Material shown:
..........

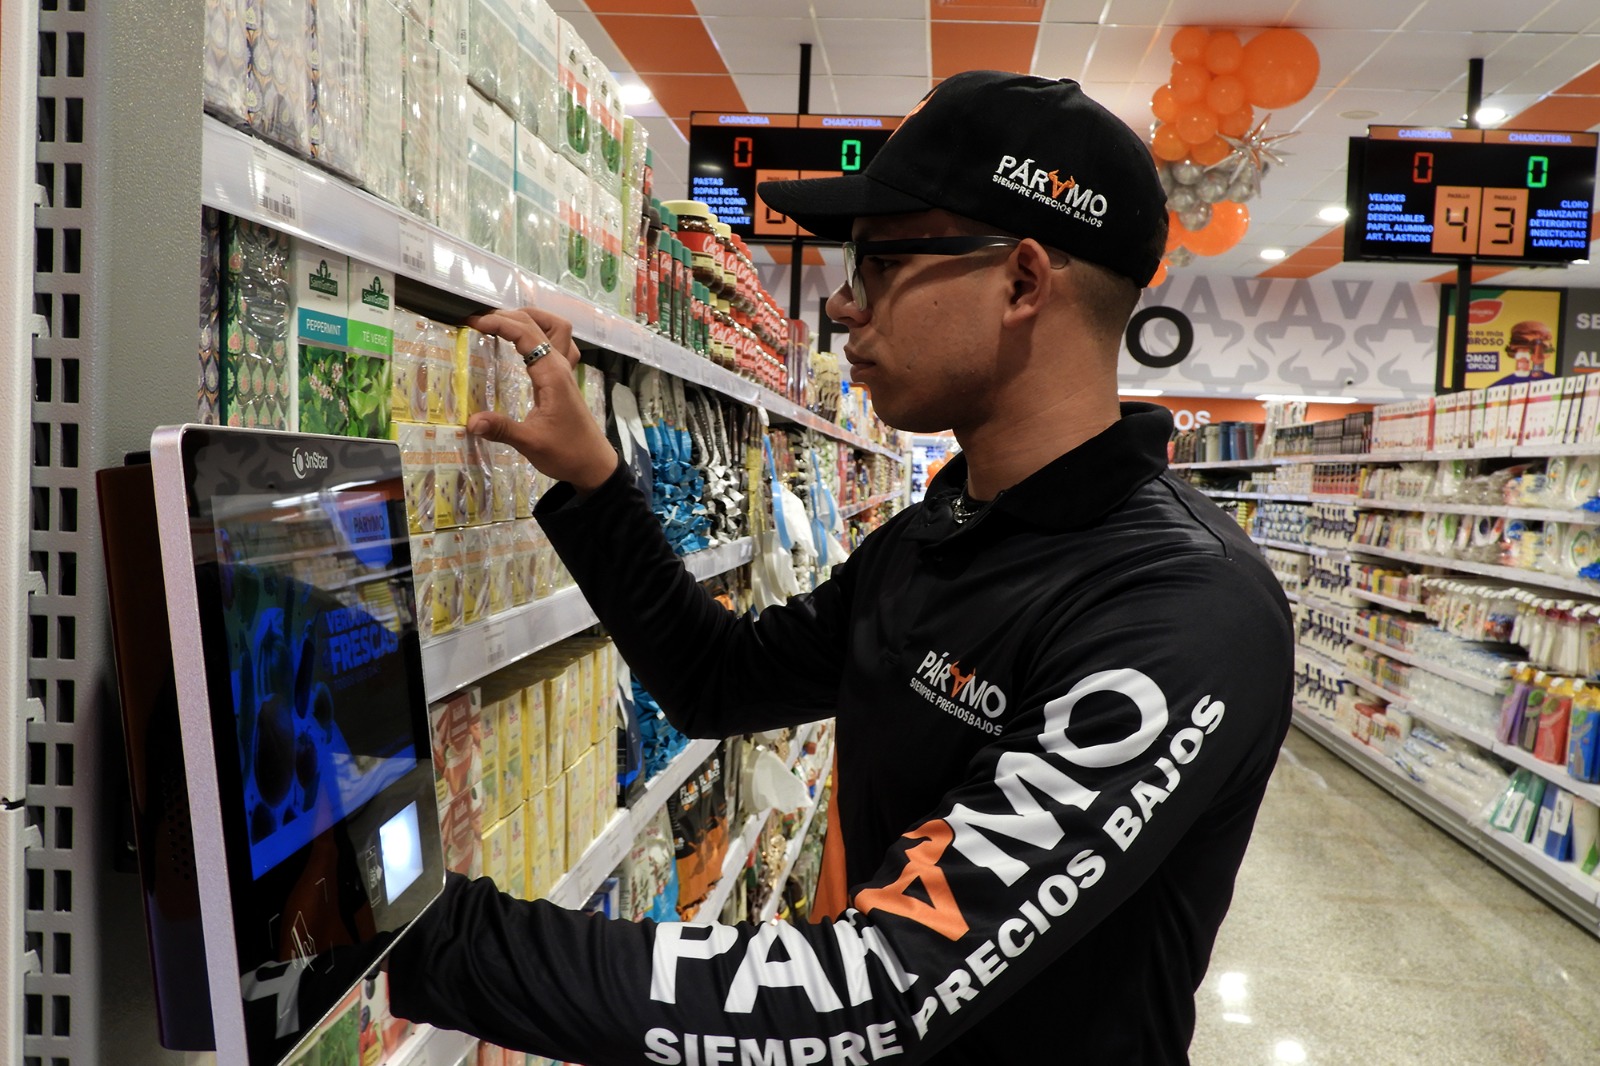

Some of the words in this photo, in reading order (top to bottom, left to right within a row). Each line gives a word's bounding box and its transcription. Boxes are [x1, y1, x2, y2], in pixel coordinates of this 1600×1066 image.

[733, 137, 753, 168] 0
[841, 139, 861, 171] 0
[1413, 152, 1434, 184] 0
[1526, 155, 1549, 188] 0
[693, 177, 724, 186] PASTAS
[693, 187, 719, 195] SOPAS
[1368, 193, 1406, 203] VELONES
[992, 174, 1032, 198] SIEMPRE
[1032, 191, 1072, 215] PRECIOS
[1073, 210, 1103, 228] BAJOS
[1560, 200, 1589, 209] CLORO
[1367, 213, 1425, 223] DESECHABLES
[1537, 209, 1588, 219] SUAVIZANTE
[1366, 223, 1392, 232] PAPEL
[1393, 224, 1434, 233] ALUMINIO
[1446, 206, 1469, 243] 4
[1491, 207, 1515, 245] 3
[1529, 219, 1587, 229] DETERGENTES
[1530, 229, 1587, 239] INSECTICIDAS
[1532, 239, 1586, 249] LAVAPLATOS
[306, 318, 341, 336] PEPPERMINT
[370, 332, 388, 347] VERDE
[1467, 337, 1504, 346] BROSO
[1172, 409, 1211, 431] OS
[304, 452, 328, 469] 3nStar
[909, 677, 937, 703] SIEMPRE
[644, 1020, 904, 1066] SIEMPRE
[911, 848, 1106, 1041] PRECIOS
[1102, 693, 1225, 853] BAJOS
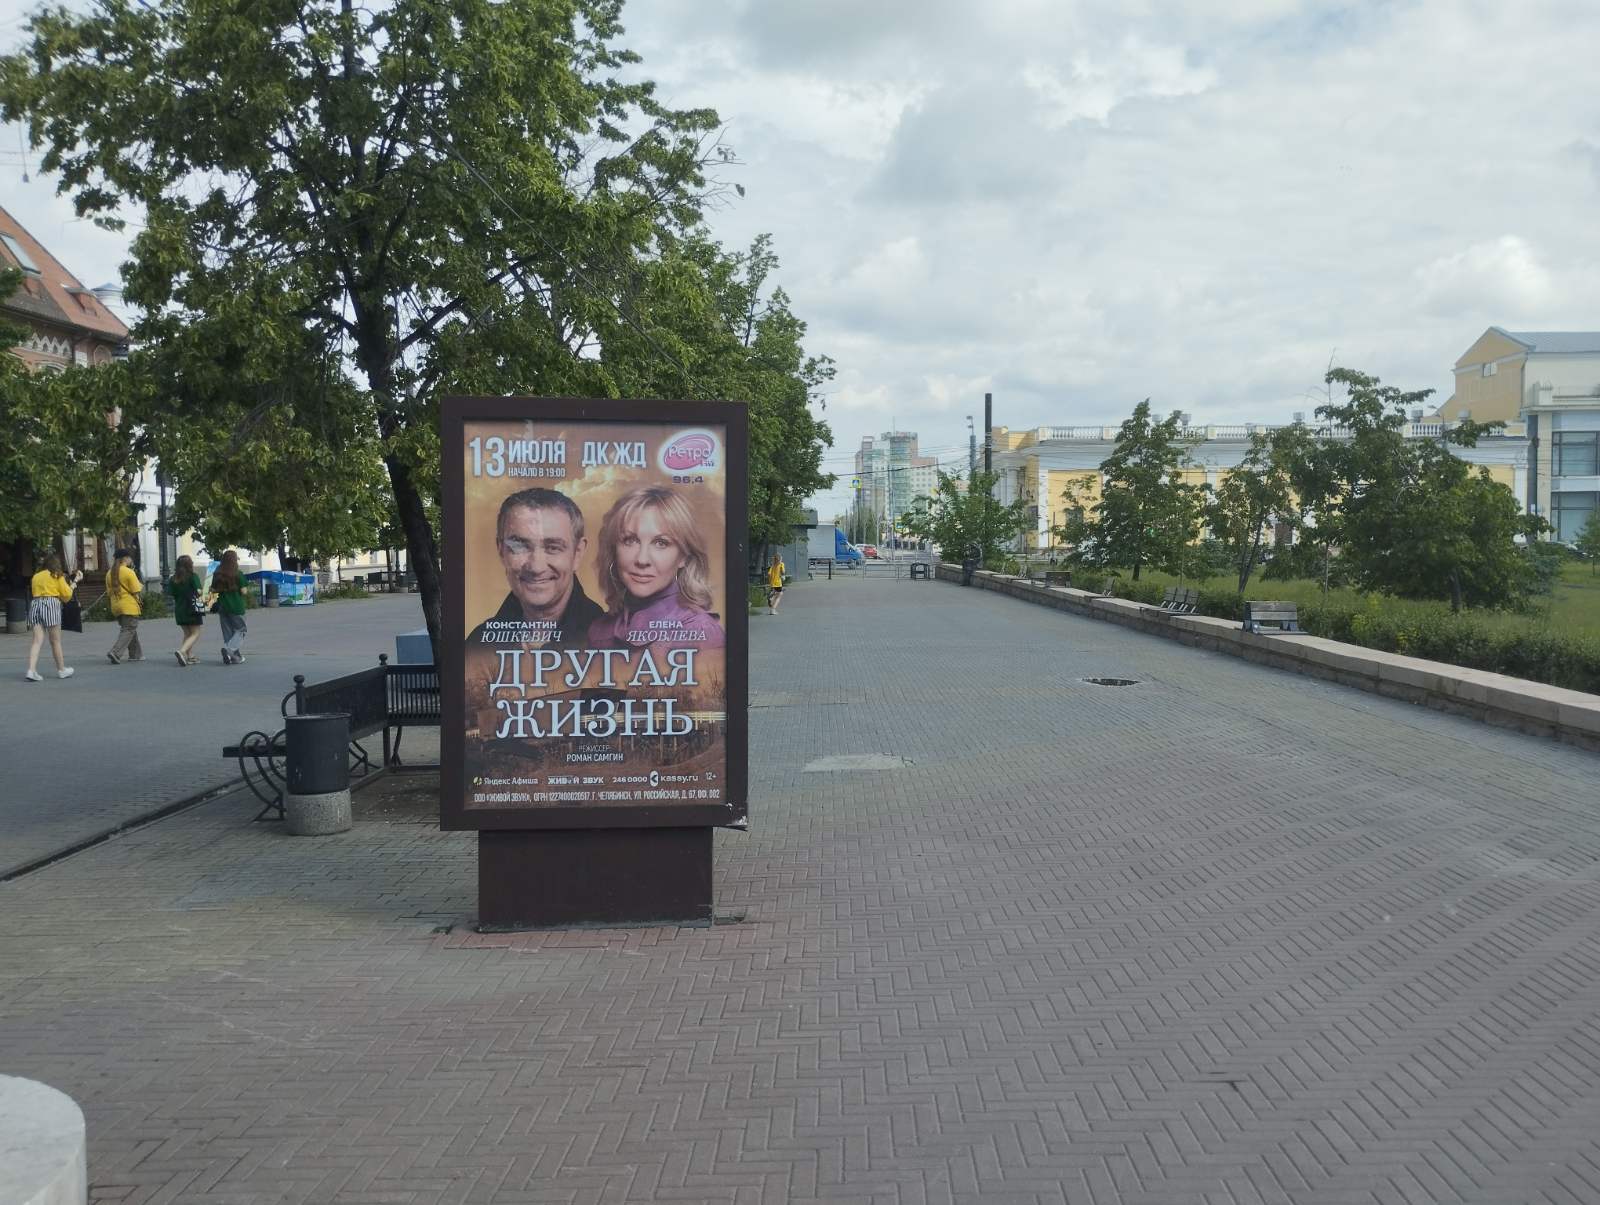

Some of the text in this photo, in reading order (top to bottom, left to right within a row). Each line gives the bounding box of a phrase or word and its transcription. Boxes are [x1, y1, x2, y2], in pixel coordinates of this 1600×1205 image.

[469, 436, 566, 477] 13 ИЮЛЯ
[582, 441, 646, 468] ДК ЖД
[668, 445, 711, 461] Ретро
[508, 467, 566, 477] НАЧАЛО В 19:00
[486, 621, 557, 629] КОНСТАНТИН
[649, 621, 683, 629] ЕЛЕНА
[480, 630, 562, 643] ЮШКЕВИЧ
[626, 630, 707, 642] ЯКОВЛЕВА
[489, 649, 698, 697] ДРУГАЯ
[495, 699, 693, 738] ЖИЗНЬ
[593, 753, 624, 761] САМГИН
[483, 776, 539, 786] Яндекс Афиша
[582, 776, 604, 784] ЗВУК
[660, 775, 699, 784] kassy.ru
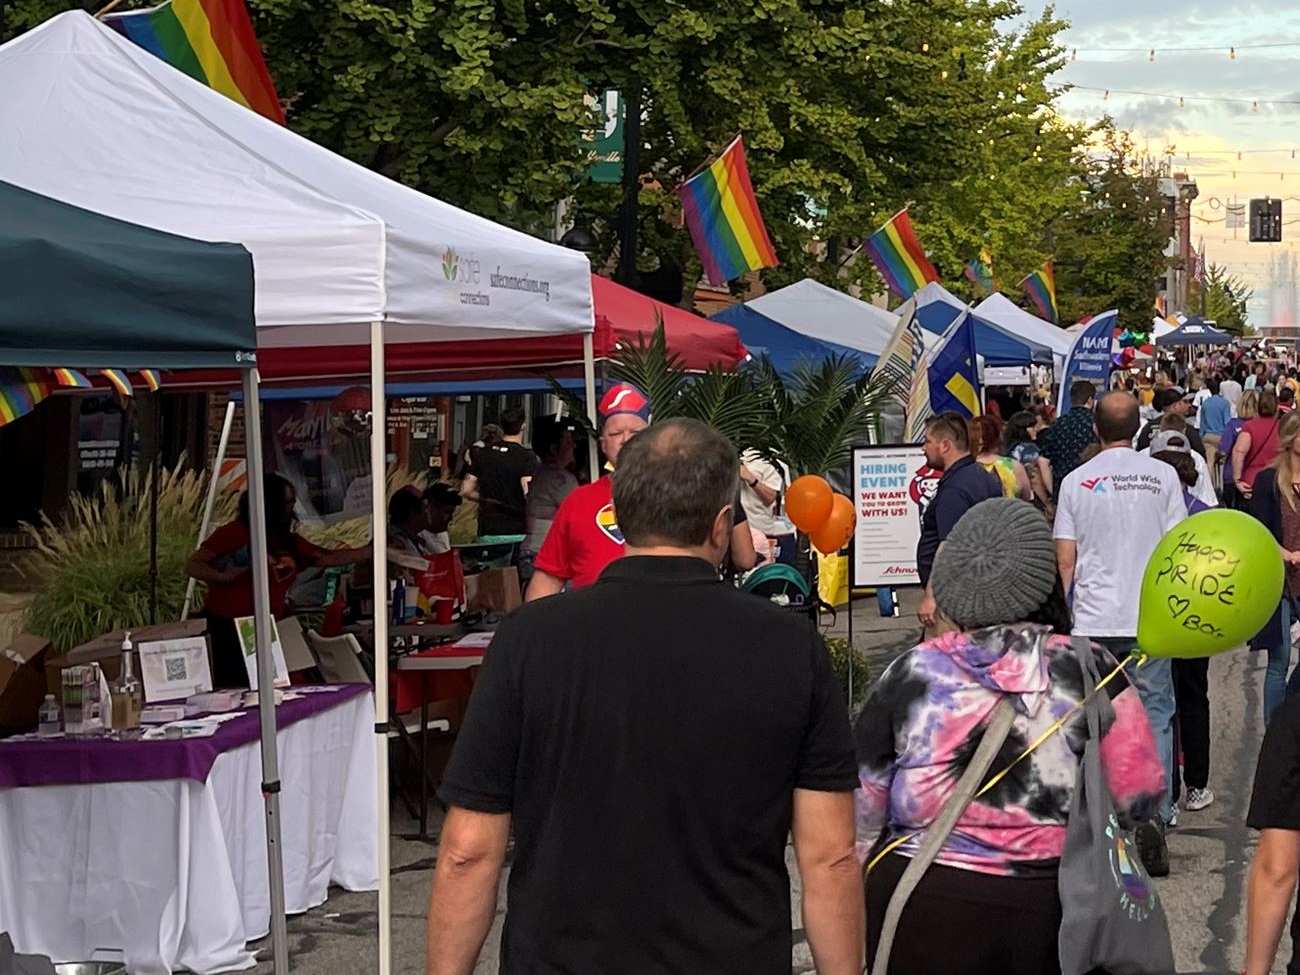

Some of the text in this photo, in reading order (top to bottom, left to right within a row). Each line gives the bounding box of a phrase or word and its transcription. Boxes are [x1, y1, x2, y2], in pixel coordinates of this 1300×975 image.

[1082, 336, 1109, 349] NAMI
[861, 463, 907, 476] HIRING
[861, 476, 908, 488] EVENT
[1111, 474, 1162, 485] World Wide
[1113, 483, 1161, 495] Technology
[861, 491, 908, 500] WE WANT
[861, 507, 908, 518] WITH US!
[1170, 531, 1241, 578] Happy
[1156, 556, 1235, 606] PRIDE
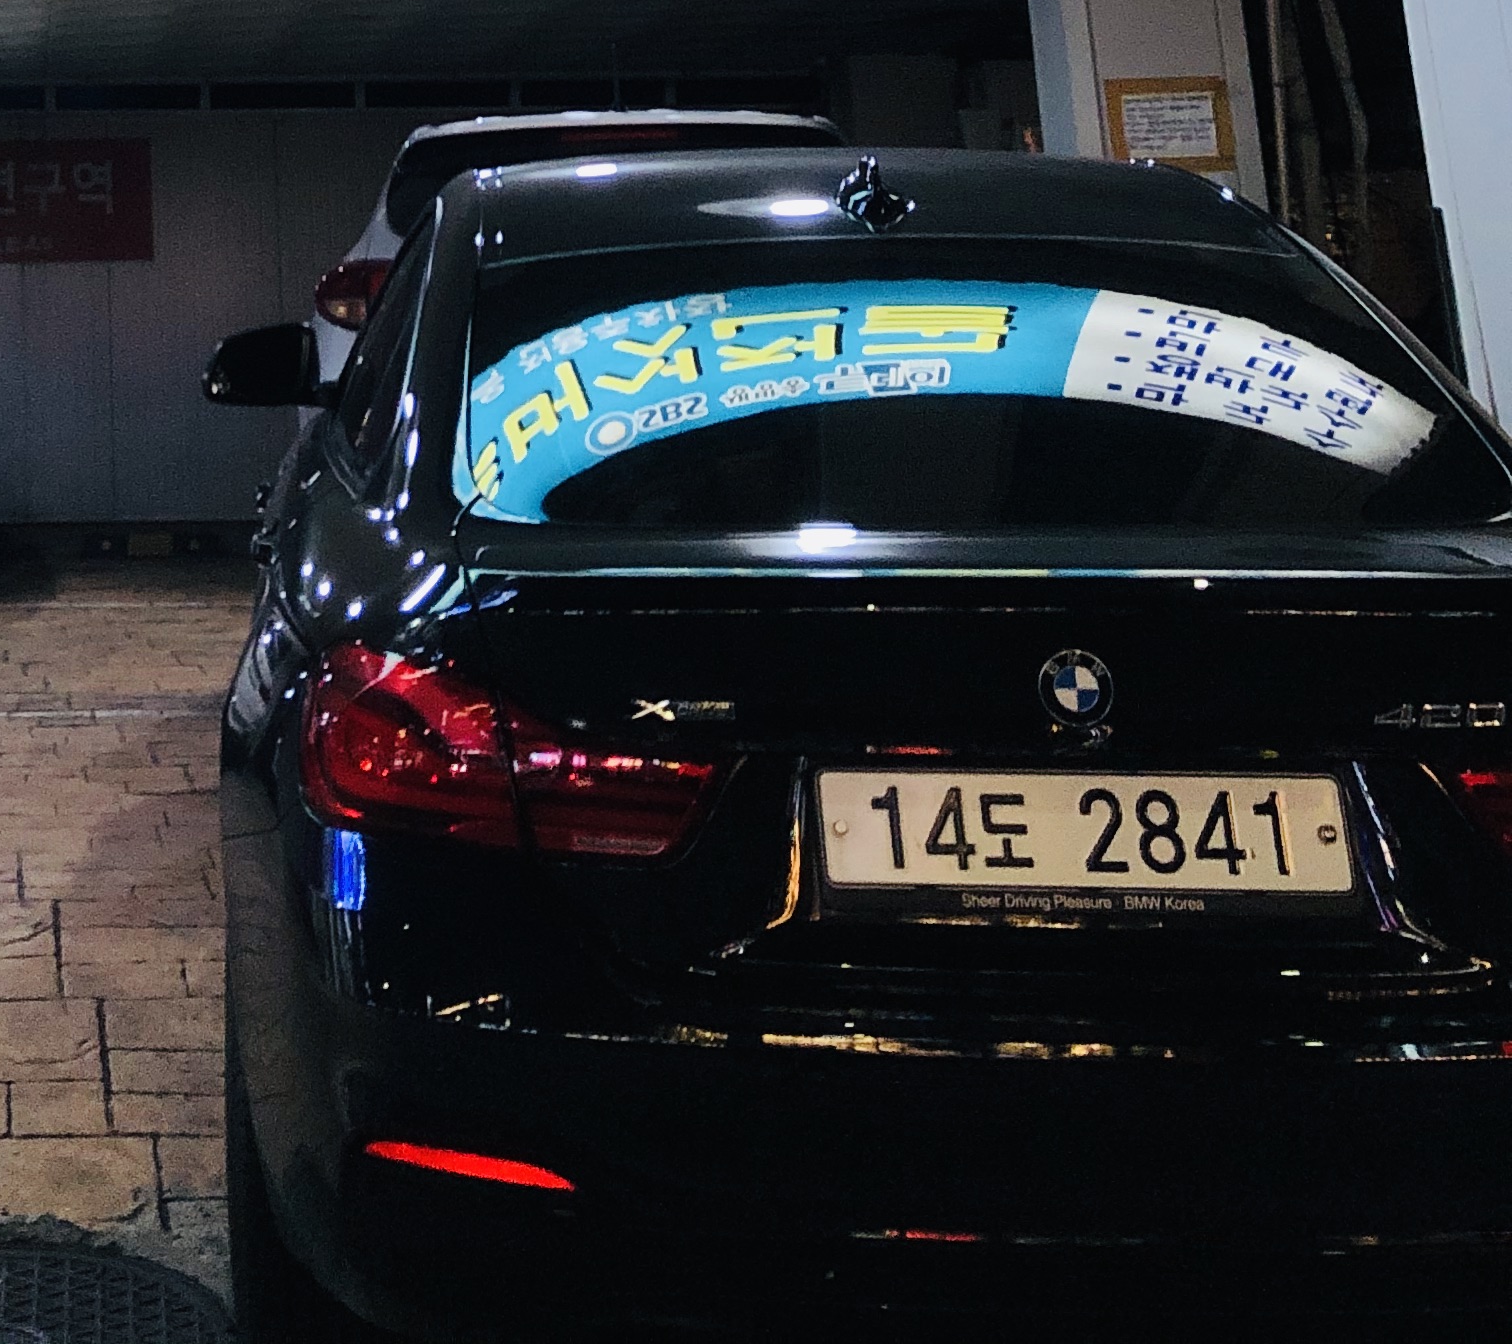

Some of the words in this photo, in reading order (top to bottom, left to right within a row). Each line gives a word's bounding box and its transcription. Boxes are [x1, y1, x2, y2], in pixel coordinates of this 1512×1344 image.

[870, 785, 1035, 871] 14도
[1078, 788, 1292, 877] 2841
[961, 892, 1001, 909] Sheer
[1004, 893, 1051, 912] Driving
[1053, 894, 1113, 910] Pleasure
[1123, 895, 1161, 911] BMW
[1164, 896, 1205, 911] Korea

..........

What is needed:
Copy out each record word for word and omit any pictures.

Response to this task:
Some of the words in this photo, in reading order (top to bottom, left to right within a row). Each line gives a word's bounding box and its transcription. Boxes are [x1, y1, x2, y2], in pixel coordinates of this 1600×1066 image.

[733, 137, 753, 168] 0
[841, 139, 861, 171] 0
[1413, 152, 1434, 184] 0
[1526, 155, 1549, 188] 0
[693, 177, 724, 186] PASTAS
[693, 187, 719, 195] SOPAS
[1368, 193, 1406, 203] VELONES
[992, 174, 1032, 198] SIEMPRE
[1032, 191, 1072, 215] PRECIOS
[1073, 210, 1103, 228] BAJOS
[1560, 200, 1589, 209] CLORO
[1367, 213, 1425, 223] DESECHABLES
[1537, 209, 1588, 219] SUAVIZANTE
[1366, 223, 1392, 232] PAPEL
[1393, 224, 1434, 233] ALUMINIO
[1446, 206, 1469, 243] 4
[1491, 207, 1515, 245] 3
[1529, 219, 1587, 229] DETERGENTES
[1530, 229, 1587, 239] INSECTICIDAS
[1532, 239, 1586, 249] LAVAPLATOS
[306, 318, 341, 336] PEPPERMINT
[370, 332, 388, 347] VERDE
[1467, 337, 1504, 346] BROSO
[1172, 409, 1211, 431] OS
[304, 452, 328, 469] 3nStar
[909, 677, 937, 703] SIEMPRE
[644, 1020, 904, 1066] SIEMPRE
[911, 848, 1106, 1041] PRECIOS
[1102, 693, 1225, 853] BAJOS

Some of the text in this photo, in reading order (top to bottom, left to right within a row). Each line gives the bounding box of a phrase or word and its transcription. Boxes are [x1, y1, x2, y2], in pixel coordinates of this 1600×1205 image.

[469, 436, 566, 477] 13 ИЮЛЯ
[582, 441, 646, 468] ДК ЖД
[668, 445, 711, 461] Ретро
[508, 467, 566, 477] НАЧАЛО В 19:00
[486, 621, 557, 629] КОНСТАНТИН
[649, 621, 683, 629] ЕЛЕНА
[480, 630, 562, 643] ЮШКЕВИЧ
[626, 630, 707, 642] ЯКОВЛЕВА
[489, 649, 698, 697] ДРУГАЯ
[495, 699, 693, 738] ЖИЗНЬ
[593, 753, 624, 761] САМГИН
[483, 776, 539, 786] Яндекс Афиша
[582, 776, 604, 784] ЗВУК
[660, 775, 699, 784] kassy.ru

Some of the text in this photo, in reading order (top to bottom, left to right within a row). Each line gives the bounding box of a phrase or word and its transcription. Boxes are [x1, y1, x2, y2], in pixel coordinates of this 1300×975 image.

[1082, 336, 1109, 349] NAMI
[861, 463, 907, 476] HIRING
[861, 476, 908, 488] EVENT
[1111, 474, 1162, 485] World Wide
[1113, 483, 1161, 495] Technology
[861, 491, 908, 500] WE WANT
[861, 507, 908, 518] WITH US!
[1170, 531, 1241, 578] Happy
[1156, 556, 1235, 606] PRIDE

Some of the words in this photo, in reading order (top to bottom, left to right within a row). Each line gives a word's bounding box and its transcription. Boxes are [x1, y1, x2, y2], in pixel coordinates of this 1512×1344 image.

[870, 785, 1035, 871] 14도
[1078, 788, 1292, 877] 2841
[961, 892, 1001, 909] Sheer
[1004, 893, 1051, 912] Driving
[1053, 894, 1113, 910] Pleasure
[1123, 895, 1161, 911] BMW
[1164, 896, 1205, 911] Korea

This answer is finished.